What you have to do:
Write out each record exactly and skip every image.

Provided entries:
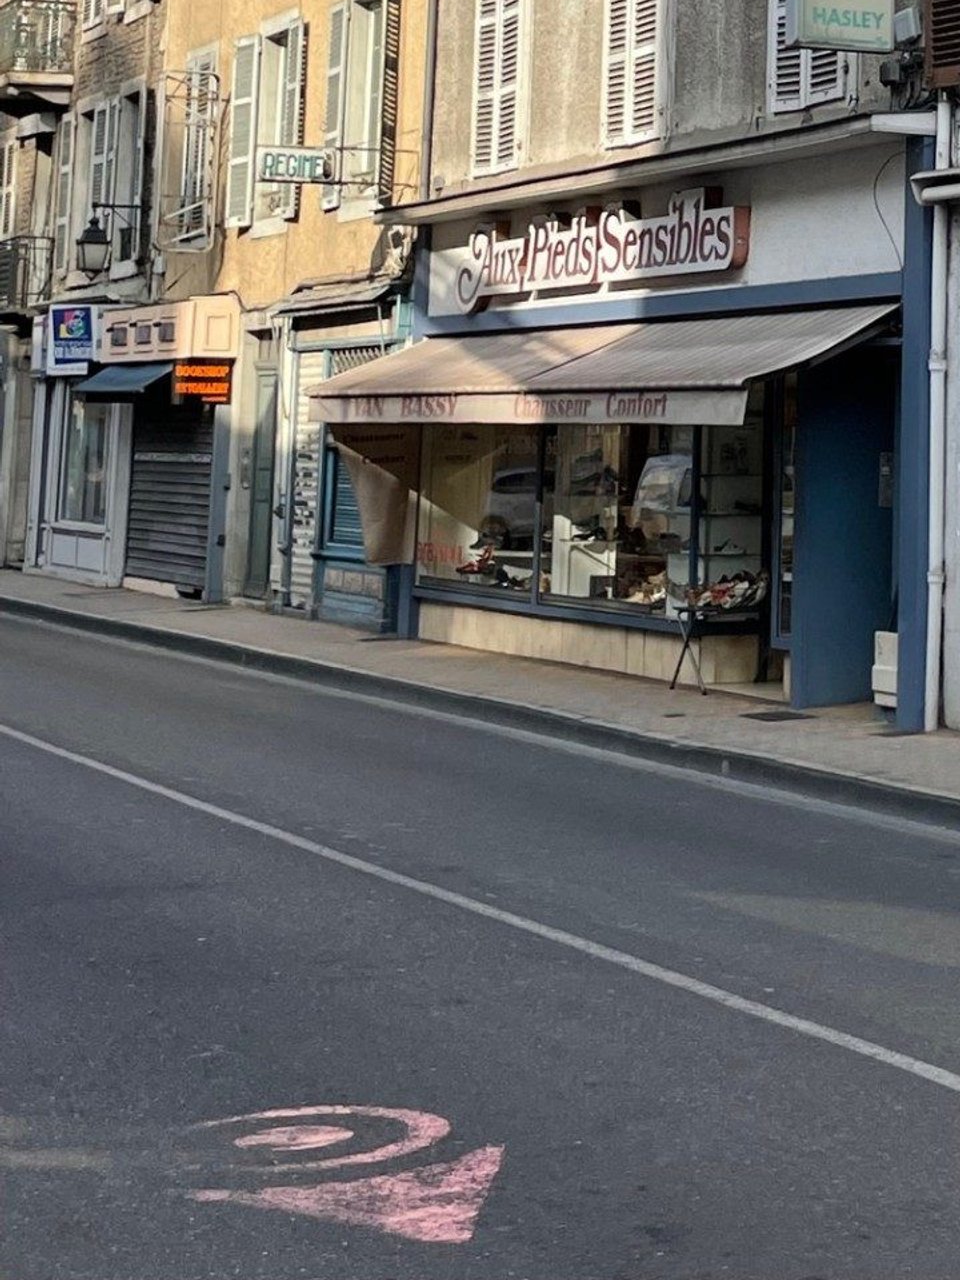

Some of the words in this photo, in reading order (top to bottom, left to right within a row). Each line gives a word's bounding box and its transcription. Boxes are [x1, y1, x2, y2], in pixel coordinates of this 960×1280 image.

[812, 6, 885, 30] HASLEY
[457, 233, 521, 304] Aux
[528, 216, 594, 281] Pieds
[600, 199, 731, 272] Sensibles
[606, 393, 668, 418] Confort

Solved problem:
Some of the words in this photo, in reading order (top to bottom, left to right within a row). Each line gives a word's bounding box and its transcription. Boxes are [x1, y1, x2, y2], in pixel coordinates of this 960×1280 image.

[812, 6, 885, 30] HASLEY
[457, 233, 521, 304] Aux
[528, 216, 594, 281] Pieds
[600, 199, 731, 272] Sensibles
[606, 393, 668, 418] Confort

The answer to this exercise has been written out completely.